-Chapter Four –
The House of the Poets
Three doors down is The House of the Poets. Two French writers had lived there many, many people years ago. It was empty and sad. But all the cats would gather in the summer for the annual Pow Wow. Mum and I went along too. We watched as the street-cats strutted their stuff. It was a show of strength, get together, and mating ritual, all rolled into one.
Mum had met Dad there. She said Dad had escaped from the Veterinary Hospital. He was on the run so to speak. She fell for the dangerous look in his eyes, and the air of trouble that followed him like a cloud. But the problem with Dad was he never got further than the Poets House. He was captured, days after they met. Two great hair apes took him away.
Dad was a fabulist , Mum liked to say. He told tall tales. Made things-up when it suited him. It was part of his charm she said. I never told her about my fantasies. In one Dad would come back for a check-up at the hospital, and escape again. He would find us, and live in The House of the Poets. It was empty after all.
He would be sad about my brothers and sisters, but happy to have me. To show me the ropes. I longed to learn the tricks of the street-cats. They truly had nine lives: crossing Royal College Street like they owned the road. Some were so brazen they deliberately made cars swerve. But it was a dangerous game; some never made it to the other side.
Mum said they were all stupid, and Dad was nothing like that. But something told me, this was Mum trying to keep me safe. In the end Dad was my superhero, he was indestructible. In my story he had markings like people tattoos. Pictures of fish and birds, and mythical beasts like unicorns. And somewhere would my Mum’s name. Not the name the old man called her, but her real name. There are no English, French, Chinese, Japanese, Arabic or Hebrew words for our names. But some ancient peoples: the Native Americans, the Aboriginals, and those from deep in the Amazon Jungle, know our names, they just don’t write them down.
Old Felix named me Tiger, on account of my tortoiseshell stripes. That I didn’t mind, because tigers are pretty cool cats. One of my stories has Mum, Dad and me crossing the road. We make our way to London Zoo; where the real tigers live.
At one Pow Wow, one of the street-cats had boasted about getting as far as the zoo. She claimed to have taken the Grand Union Canal, which crossed underneath our street. The canal ran all the way to the zoo, and beyond. She described a floating Chinese restaurant , and huge grand mansions. For miles and miles, there was the smell of lovely food.
Stories got passed around at Pow Wow, that’s where we learned about Old Felix. He’d not always been old and forgetful. When he was young there were many cats living in his house. But people are just like cats when they get old, they get slow. They can’t cope with a ton of hungry cats. Before that Pow Wow was over, a big cat with the people name Butch, took us aside:
Have you considered your future, he said. And even Mum wasn’t sure what he was talking about. Street-cats can sense things though. They have to be on-the-ball. He then became more direct:
Have you thought about what’s going to happen when the old man goes.
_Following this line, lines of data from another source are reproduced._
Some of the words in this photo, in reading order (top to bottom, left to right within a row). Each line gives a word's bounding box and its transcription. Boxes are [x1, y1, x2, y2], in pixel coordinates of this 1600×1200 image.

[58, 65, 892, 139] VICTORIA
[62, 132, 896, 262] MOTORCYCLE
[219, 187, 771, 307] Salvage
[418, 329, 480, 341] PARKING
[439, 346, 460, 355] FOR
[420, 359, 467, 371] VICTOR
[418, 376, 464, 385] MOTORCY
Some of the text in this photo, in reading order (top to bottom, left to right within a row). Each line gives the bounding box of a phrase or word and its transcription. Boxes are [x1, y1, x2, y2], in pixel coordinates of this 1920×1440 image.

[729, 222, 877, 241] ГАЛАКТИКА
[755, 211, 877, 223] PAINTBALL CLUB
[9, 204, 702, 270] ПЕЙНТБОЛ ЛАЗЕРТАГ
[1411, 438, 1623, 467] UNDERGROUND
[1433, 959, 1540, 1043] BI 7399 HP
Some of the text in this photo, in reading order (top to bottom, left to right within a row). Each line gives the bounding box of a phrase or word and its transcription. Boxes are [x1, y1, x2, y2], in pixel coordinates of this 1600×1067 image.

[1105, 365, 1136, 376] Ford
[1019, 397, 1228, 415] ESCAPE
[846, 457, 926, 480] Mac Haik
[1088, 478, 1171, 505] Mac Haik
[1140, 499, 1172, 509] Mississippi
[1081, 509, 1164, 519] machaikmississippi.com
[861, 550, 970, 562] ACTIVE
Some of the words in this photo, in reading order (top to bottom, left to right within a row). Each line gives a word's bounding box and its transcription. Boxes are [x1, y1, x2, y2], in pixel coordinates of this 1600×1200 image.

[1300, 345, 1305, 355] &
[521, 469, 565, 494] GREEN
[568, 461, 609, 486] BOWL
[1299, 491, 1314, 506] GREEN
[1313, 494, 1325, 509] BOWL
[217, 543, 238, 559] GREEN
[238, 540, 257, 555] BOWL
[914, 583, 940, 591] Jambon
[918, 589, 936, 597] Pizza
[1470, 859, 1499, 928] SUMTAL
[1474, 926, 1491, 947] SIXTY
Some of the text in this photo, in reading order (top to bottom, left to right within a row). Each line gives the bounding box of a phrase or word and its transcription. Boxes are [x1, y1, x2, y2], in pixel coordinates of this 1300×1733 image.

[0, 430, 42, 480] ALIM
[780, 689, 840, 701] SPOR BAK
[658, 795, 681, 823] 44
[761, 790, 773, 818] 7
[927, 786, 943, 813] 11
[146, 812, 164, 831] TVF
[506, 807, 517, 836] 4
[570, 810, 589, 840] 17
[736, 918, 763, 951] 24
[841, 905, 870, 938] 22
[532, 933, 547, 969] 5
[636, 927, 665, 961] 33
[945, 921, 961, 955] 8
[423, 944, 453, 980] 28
Go where I first thought. Well I was young and didn’t understand the ways of the world. He could see by our expressions that the answer was no.
My advice to the both of you is to make friends with new people. Sorry to be brutal but the old guys on his way out. Find a family close by and be extra nice to them. It’s you’re only chance. You don’t want to end up like me, truly you don’t.
I remember he sized us both up and shook his head. He didn’t need to say any more. We knew the score. After Pow Wow, Mum tried to reassure me:
Don’t listen to him, he’s just trying to frighten us. Some street-toms tell tales to impress their girlfriends. They have lots and lots of girlfriends, its just the way they are.
But I knew deep down everything he said was true. And I was also kind of impressed by all those girlfriends. He was trying to help us in his rough and tough way.